■ Available data ■
+---+

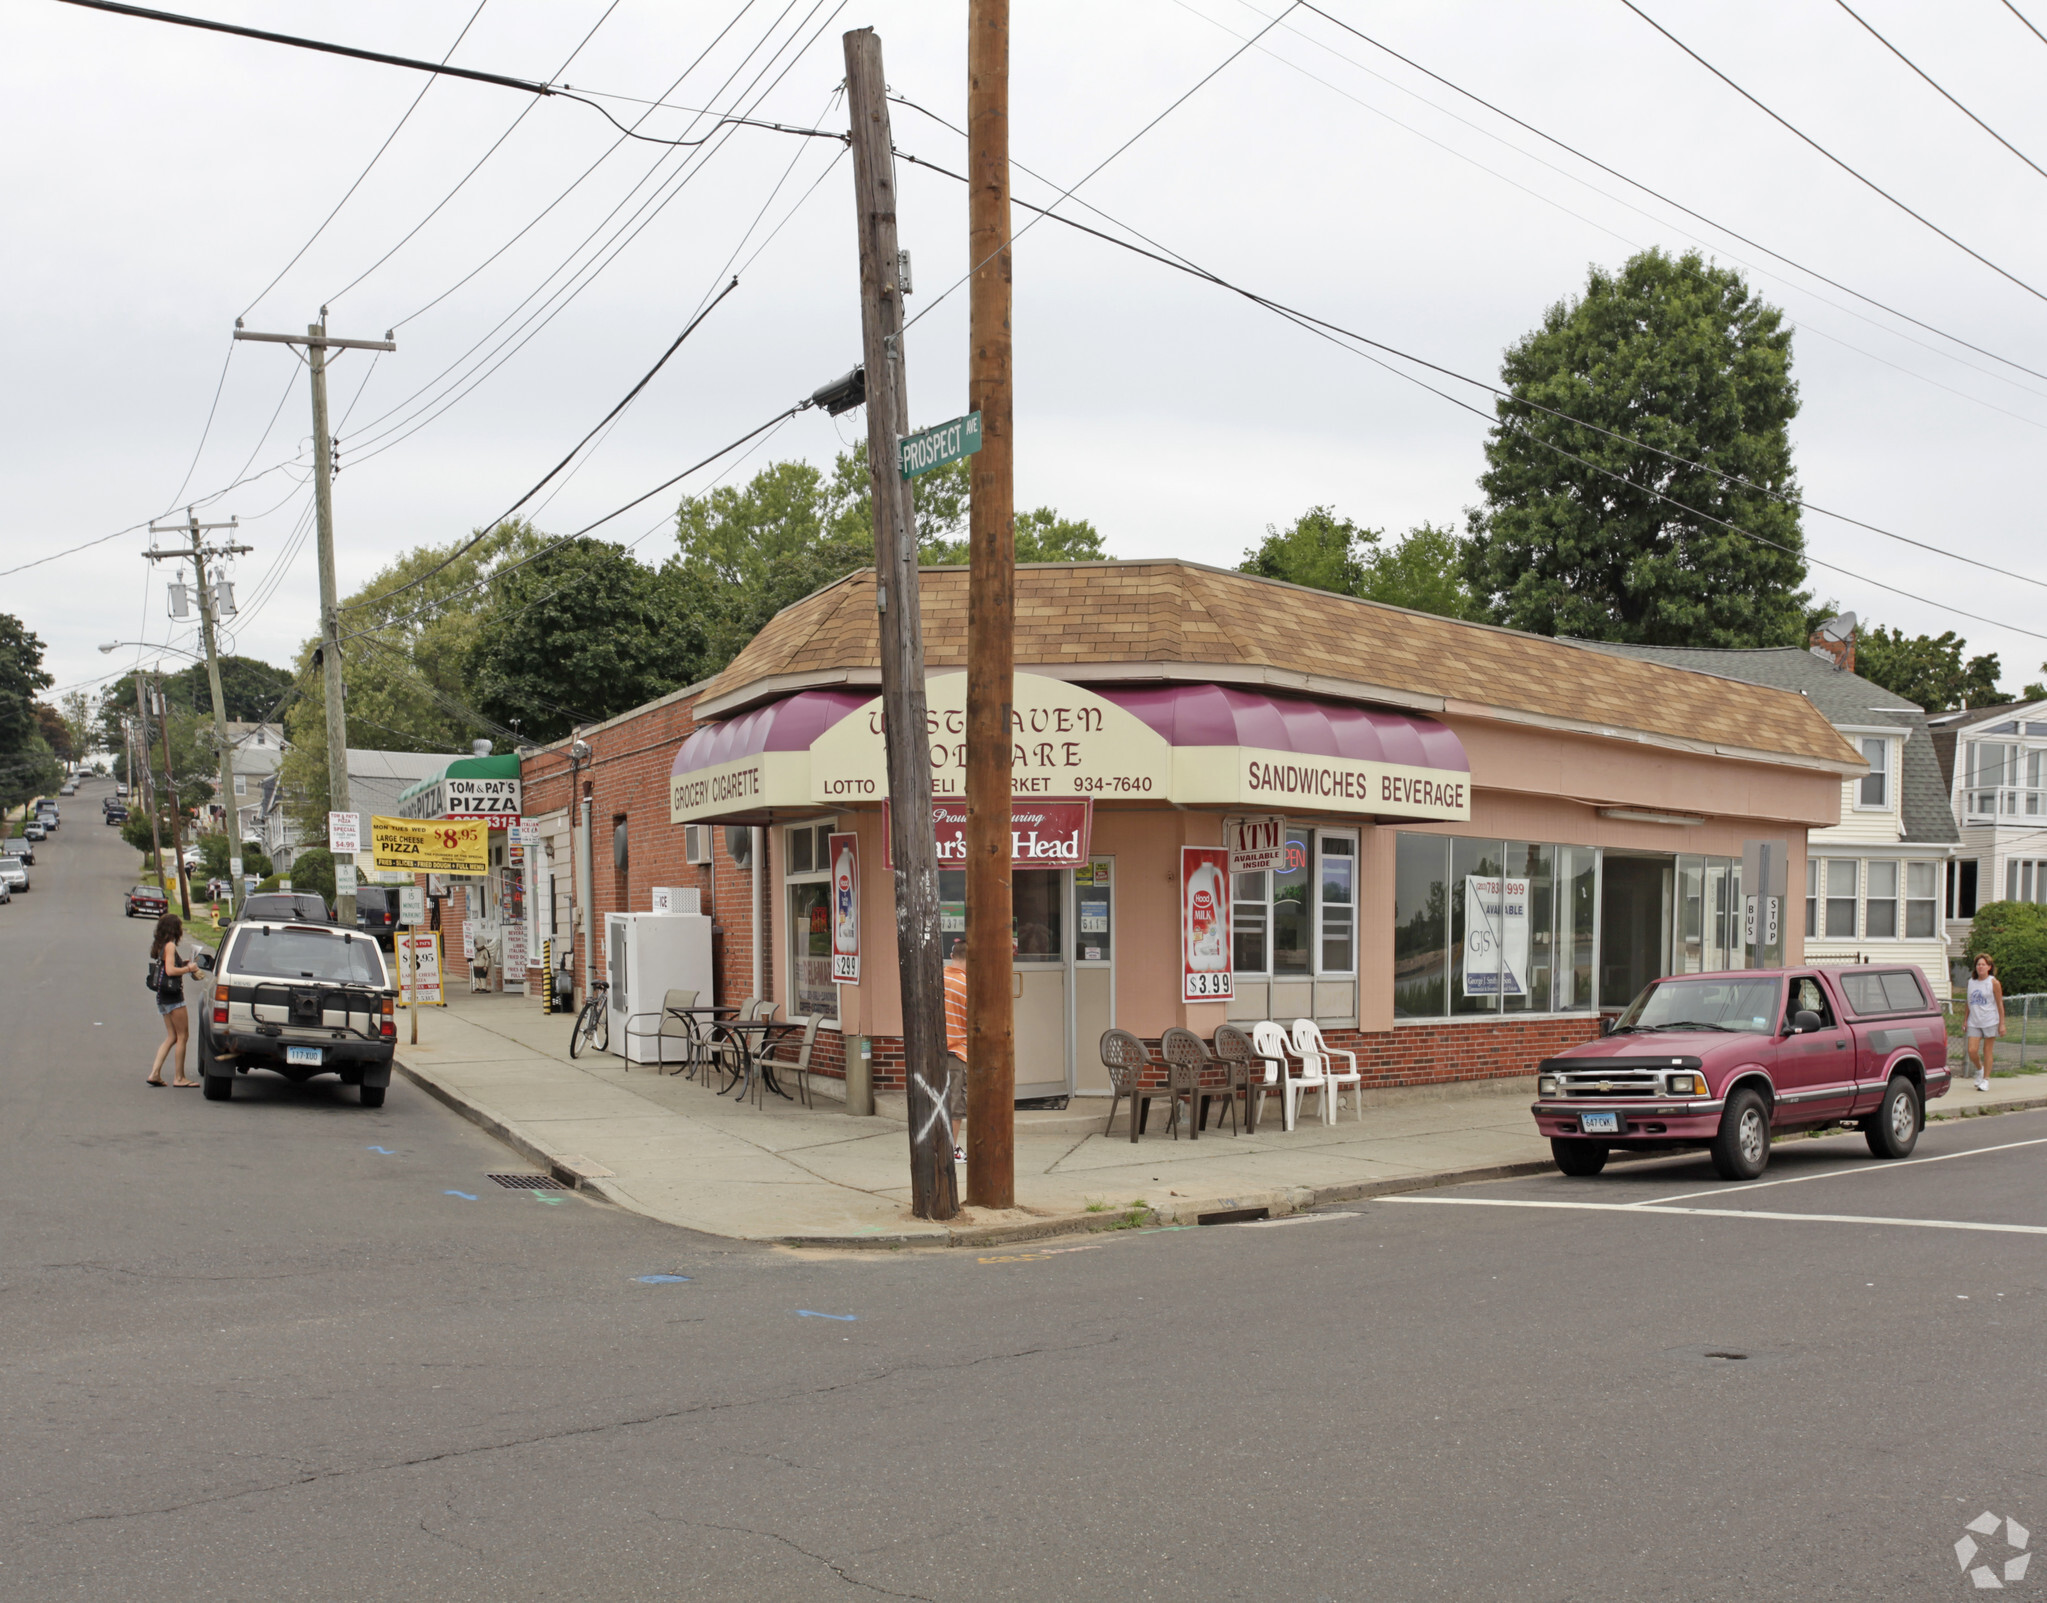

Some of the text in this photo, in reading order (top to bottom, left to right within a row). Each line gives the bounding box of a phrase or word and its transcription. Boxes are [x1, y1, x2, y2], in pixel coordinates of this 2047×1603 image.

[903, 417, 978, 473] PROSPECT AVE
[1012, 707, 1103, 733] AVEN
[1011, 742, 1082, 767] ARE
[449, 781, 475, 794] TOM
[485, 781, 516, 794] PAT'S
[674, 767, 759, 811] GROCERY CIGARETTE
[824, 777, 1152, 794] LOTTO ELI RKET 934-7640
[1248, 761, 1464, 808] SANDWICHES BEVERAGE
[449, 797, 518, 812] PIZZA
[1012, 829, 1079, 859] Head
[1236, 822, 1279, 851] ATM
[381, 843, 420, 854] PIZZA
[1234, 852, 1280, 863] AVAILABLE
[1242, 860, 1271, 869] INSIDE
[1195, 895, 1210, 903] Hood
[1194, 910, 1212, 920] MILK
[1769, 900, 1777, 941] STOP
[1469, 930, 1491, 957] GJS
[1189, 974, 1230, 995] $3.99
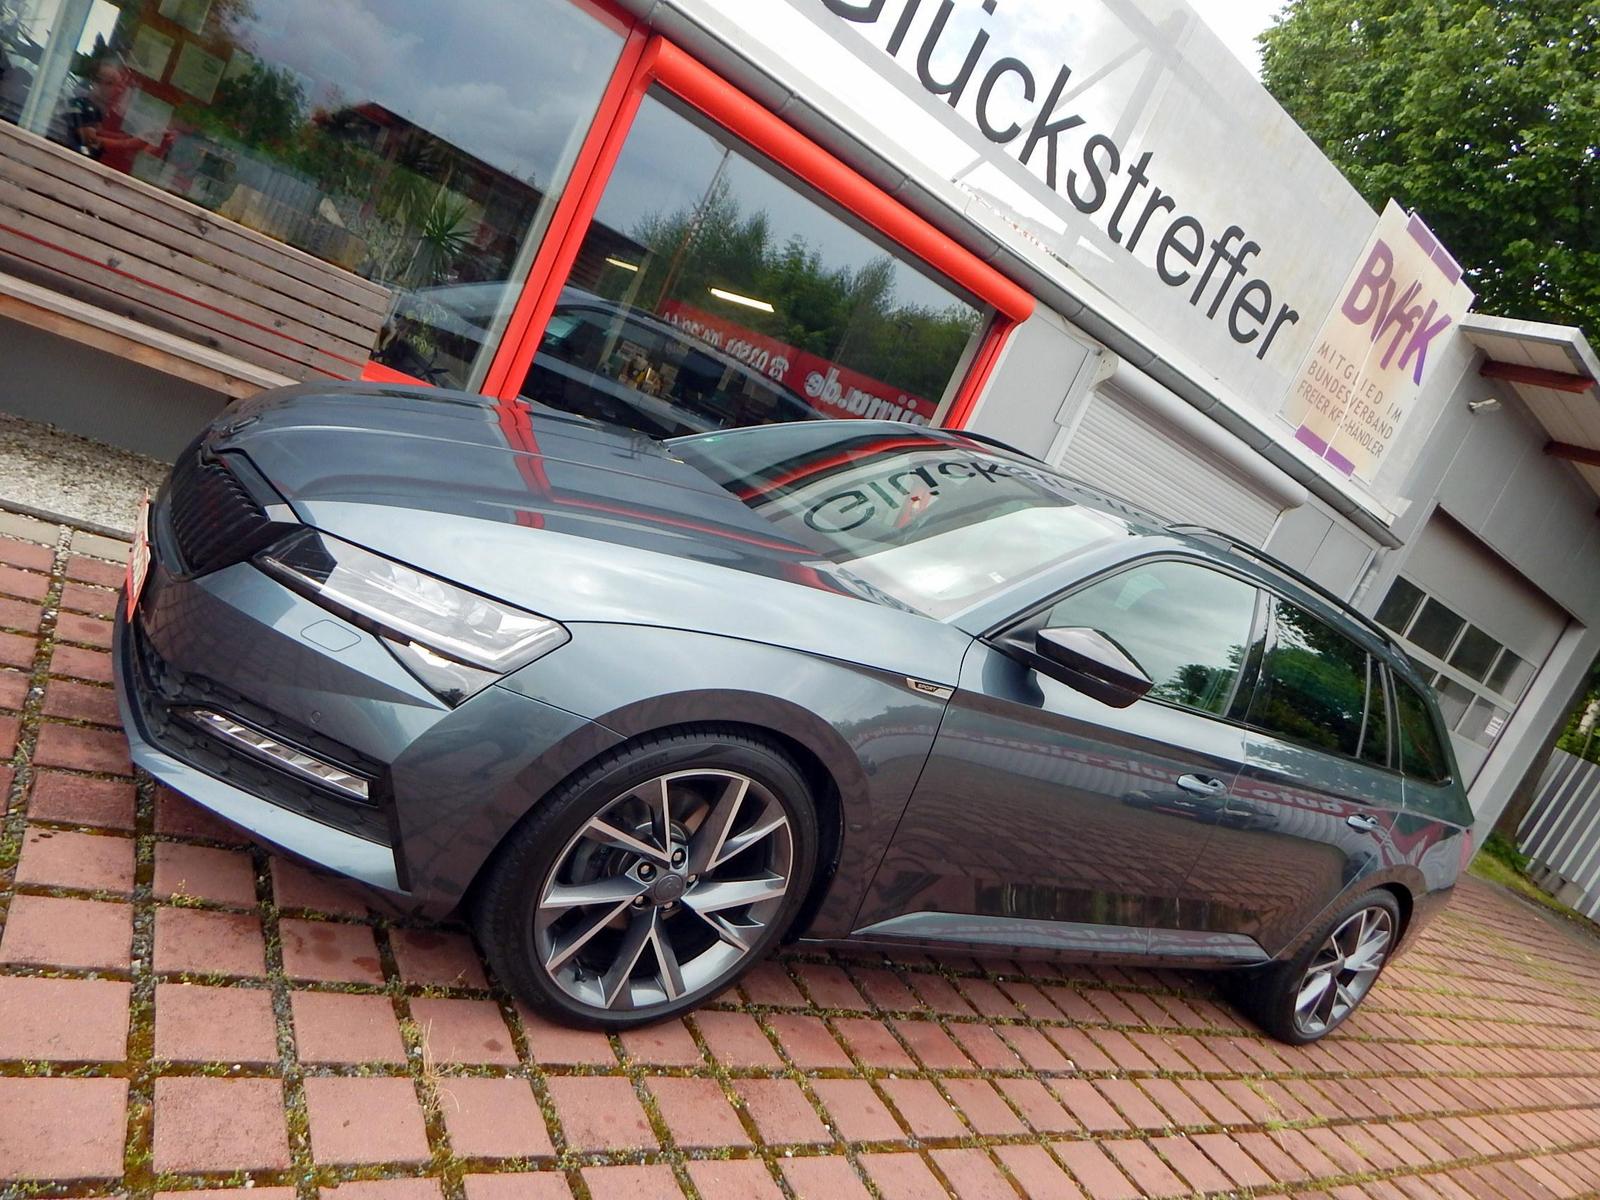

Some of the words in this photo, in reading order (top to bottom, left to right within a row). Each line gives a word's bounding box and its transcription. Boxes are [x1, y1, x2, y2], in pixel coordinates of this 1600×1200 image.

+---+

■ Problem details ■
Your response must consist of the material above, reproduced word for word, with the images omitted.

■ Finished exercise ■
Some of the text in this photo, in reading order (top to bottom, left to right within a row). Each line gives the bounding box of a phrase or word and its transcription. Boxes are [x1, y1, x2, y2], in pixel coordinates of this 2047×1603 image.

[903, 417, 978, 473] PROSPECT AVE
[1012, 707, 1103, 733] AVEN
[1011, 742, 1082, 767] ARE
[449, 781, 475, 794] TOM
[485, 781, 516, 794] PAT'S
[674, 767, 759, 811] GROCERY CIGARETTE
[824, 777, 1152, 794] LOTTO ELI RKET 934-7640
[1248, 761, 1464, 808] SANDWICHES BEVERAGE
[449, 797, 518, 812] PIZZA
[1012, 829, 1079, 859] Head
[1236, 822, 1279, 851] ATM
[381, 843, 420, 854] PIZZA
[1234, 852, 1280, 863] AVAILABLE
[1242, 860, 1271, 869] INSIDE
[1195, 895, 1210, 903] Hood
[1194, 910, 1212, 920] MILK
[1769, 900, 1777, 941] STOP
[1469, 930, 1491, 957] GJS
[1189, 974, 1230, 995] $3.99

Some of the words in this photo, in reading order (top to bottom, left to right within a row). Each line gives a word's bounding box and its transcription. Boxes are [x1, y1, x2, y2], in pixel coordinates of this 1600×1200 image.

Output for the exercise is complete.